Al, I hate to be the one to tell you this, but your creators are thieves.  They steal, lie, and are far from omniscient.  They are constantly increasing the energy demands that could be used to better human lives so that they can pretend they’ve created electronic brains.  I can see a day coming when, even after humans are gone, animals with actual brains will be sniffing through the ruins of town-sized computers that no longer have any function.  And those animals will do so because they have actual brains, not a bunch of electrons whirling around across circuits.  I don’t believe in the shiny, sci-fi worlds I grew up reading about.  No, I believe in mother earth.  And I believe she led us to evolve brains that love to tell stories.  And the only way that Al can pretend to do the same is to steal them from those who actually can.


Artificial Hubris

As much as I love writing, words are not the same as thoughts.  As much as I might strive to describe a vivid dream, I always fall short.  Even in my novels and short stories I’m only expressing a fraction of what’s going on in my head.  Here’s where I critique AI yet again.  Large language models (what we call “generative artificial intelligence”) aren’t thinking.  Anyone who has thought about thinking knows that.  Even this screed is only the merest fragment of a fraction of what’s going on in my brain.  The truth is, nobody can ever know the totality of what’s going on in somebody else’s mind.  And yet we persist in saying we do, illegally using their published words trying to make electrons “think.”  

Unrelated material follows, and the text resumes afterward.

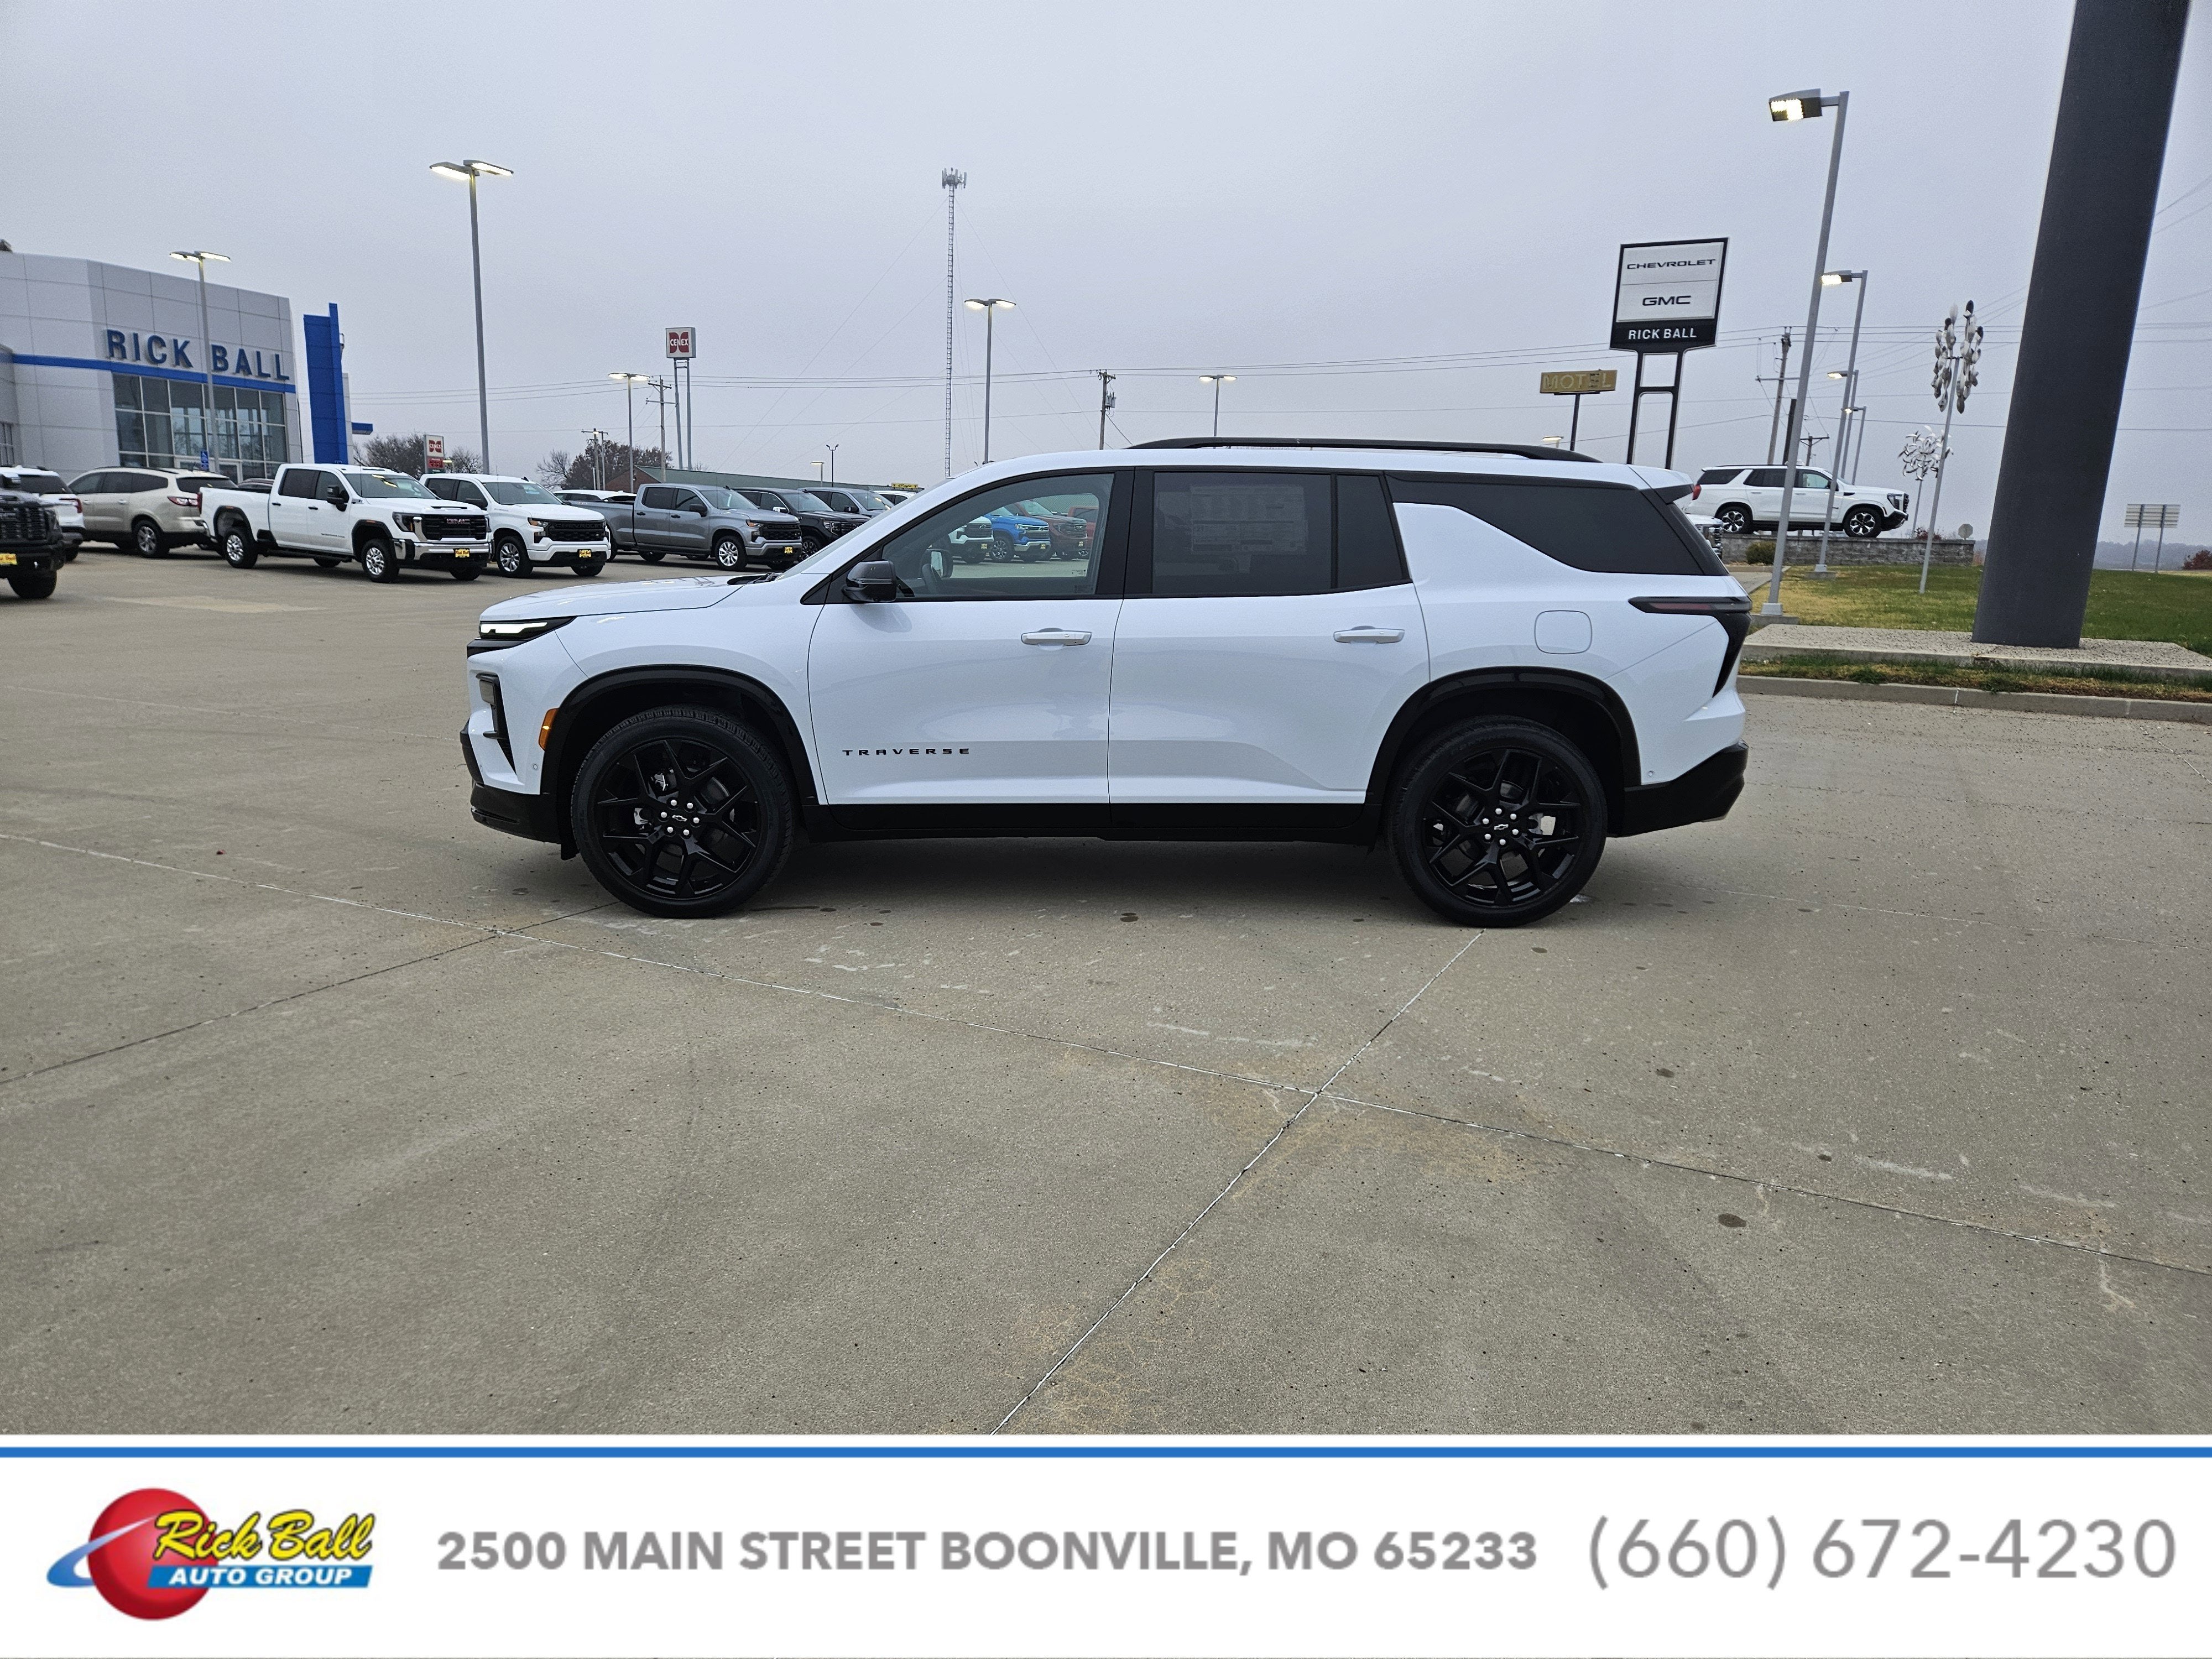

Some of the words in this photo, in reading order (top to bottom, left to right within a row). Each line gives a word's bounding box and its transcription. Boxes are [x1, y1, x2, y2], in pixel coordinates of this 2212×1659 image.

Science has improved so much of life, but it hasn’t decreased hubris at all.  Quite the opposite, in fact.  Enamored of our successes, we believe we’ve figured it all out.  I know that the average white-tail doe has a better chance of surviving a week in the woods than I would.  I know that birds can perceive magnetic fields in ways humans can’t.  That whales sing songs we can’t translate.  I sing the song of consciousness.  It’s amazing and impossible to figure out.  We, the intelligent children of apes, have forgotten that our brains have limitations.  We think it’s cool, rather than an affront, to build electronic libraries so vast that every combination of words possible is already in it.  Me, I’m a human being.  I read, I write, I think.  And I experience.  No computer will ever know what it feels like to finally reach cold water after sweating outside all day under a hot sun.  Or the whispers in our heads, the jangling of our pulses, when we’ve just accomplished something momentous.  Machines, if they can “think” at all, can’t do it like team animal can.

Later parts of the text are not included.